Nothing should be left out: write out the whole listing exactly.
(Beginning of PROVIDED RECORDS)
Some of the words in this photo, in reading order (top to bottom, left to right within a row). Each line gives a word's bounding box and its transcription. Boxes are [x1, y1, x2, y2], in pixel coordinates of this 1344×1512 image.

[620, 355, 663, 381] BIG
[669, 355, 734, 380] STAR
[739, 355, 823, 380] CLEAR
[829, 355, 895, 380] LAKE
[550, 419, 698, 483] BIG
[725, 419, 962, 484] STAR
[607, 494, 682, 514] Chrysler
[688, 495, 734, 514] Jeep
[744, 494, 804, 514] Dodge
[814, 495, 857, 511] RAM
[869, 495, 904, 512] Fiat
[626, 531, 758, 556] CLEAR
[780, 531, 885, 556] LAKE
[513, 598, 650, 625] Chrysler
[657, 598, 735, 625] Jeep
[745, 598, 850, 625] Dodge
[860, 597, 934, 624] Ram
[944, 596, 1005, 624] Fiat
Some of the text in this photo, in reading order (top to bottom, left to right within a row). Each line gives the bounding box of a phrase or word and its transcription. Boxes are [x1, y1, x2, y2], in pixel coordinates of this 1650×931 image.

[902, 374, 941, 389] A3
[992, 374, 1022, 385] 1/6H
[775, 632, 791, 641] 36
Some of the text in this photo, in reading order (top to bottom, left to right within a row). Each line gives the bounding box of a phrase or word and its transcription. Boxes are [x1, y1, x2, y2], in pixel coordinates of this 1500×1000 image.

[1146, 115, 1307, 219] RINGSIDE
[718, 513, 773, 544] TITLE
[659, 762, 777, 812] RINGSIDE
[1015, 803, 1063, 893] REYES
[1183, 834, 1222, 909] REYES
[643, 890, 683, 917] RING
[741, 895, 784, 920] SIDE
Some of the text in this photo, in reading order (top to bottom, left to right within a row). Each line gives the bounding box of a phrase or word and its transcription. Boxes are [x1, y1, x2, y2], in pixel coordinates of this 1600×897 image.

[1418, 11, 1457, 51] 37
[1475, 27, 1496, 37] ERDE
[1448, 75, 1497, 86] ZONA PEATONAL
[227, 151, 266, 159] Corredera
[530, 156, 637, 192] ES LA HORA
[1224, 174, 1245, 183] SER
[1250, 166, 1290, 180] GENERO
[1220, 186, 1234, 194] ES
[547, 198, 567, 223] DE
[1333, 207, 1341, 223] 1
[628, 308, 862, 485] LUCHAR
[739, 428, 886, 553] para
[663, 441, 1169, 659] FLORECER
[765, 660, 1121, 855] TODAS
(End of PROVIDED RECORDS)
_COMPLETED TASK_.
Some of the words in this photo, in reading order (top to bottom, left to right within a row). Each line gives a word's bounding box and its transcription. Boxes are [x1, y1, x2, y2], in pixel coordinates of this 1344×1512 image.

[620, 355, 663, 381] BIG
[669, 355, 734, 380] STAR
[739, 355, 823, 380] CLEAR
[829, 355, 895, 380] LAKE
[550, 419, 698, 483] BIG
[725, 419, 962, 484] STAR
[607, 494, 682, 514] Chrysler
[688, 495, 734, 514] Jeep
[744, 494, 804, 514] Dodge
[814, 495, 857, 511] RAM
[869, 495, 904, 512] Fiat
[626, 531, 758, 556] CLEAR
[780, 531, 885, 556] LAKE
[513, 598, 650, 625] Chrysler
[657, 598, 735, 625] Jeep
[745, 598, 850, 625] Dodge
[860, 597, 934, 624] Ram
[944, 596, 1005, 624] Fiat
Some of the text in this photo, in reading order (top to bottom, left to right within a row). Each line gives the bounding box of a phrase or word and its transcription. Boxes are [x1, y1, x2, y2], in pixel coordinates of this 1650×931 image.

[902, 374, 941, 389] A3
[992, 374, 1022, 385] 1/6H
[775, 632, 791, 641] 36
Some of the text in this photo, in reading order (top to bottom, left to right within a row). Each line gives the bounding box of a phrase or word and its transcription. Boxes are [x1, y1, x2, y2], in pixel coordinates of this 1500×1000 image.

[1146, 115, 1307, 219] RINGSIDE
[718, 513, 773, 544] TITLE
[659, 762, 777, 812] RINGSIDE
[1015, 803, 1063, 893] REYES
[1183, 834, 1222, 909] REYES
[643, 890, 683, 917] RING
[741, 895, 784, 920] SIDE
Some of the text in this photo, in reading order (top to bottom, left to right within a row). Each line gives the bounding box of a phrase or word and its transcription. Boxes are [x1, y1, x2, y2], in pixel coordinates of this 1600×897 image.

[1418, 11, 1457, 51] 37
[1475, 27, 1496, 37] ERDE
[1448, 75, 1497, 86] ZONA PEATONAL
[227, 151, 266, 159] Corredera
[530, 156, 637, 192] ES LA HORA
[1224, 174, 1245, 183] SER
[1250, 166, 1290, 180] GENERO
[1220, 186, 1234, 194] ES
[547, 198, 567, 223] DE
[1333, 207, 1341, 223] 1
[628, 308, 862, 485] LUCHAR
[739, 428, 886, 553] para
[663, 441, 1169, 659] FLORECER
[765, 660, 1121, 855] TODAS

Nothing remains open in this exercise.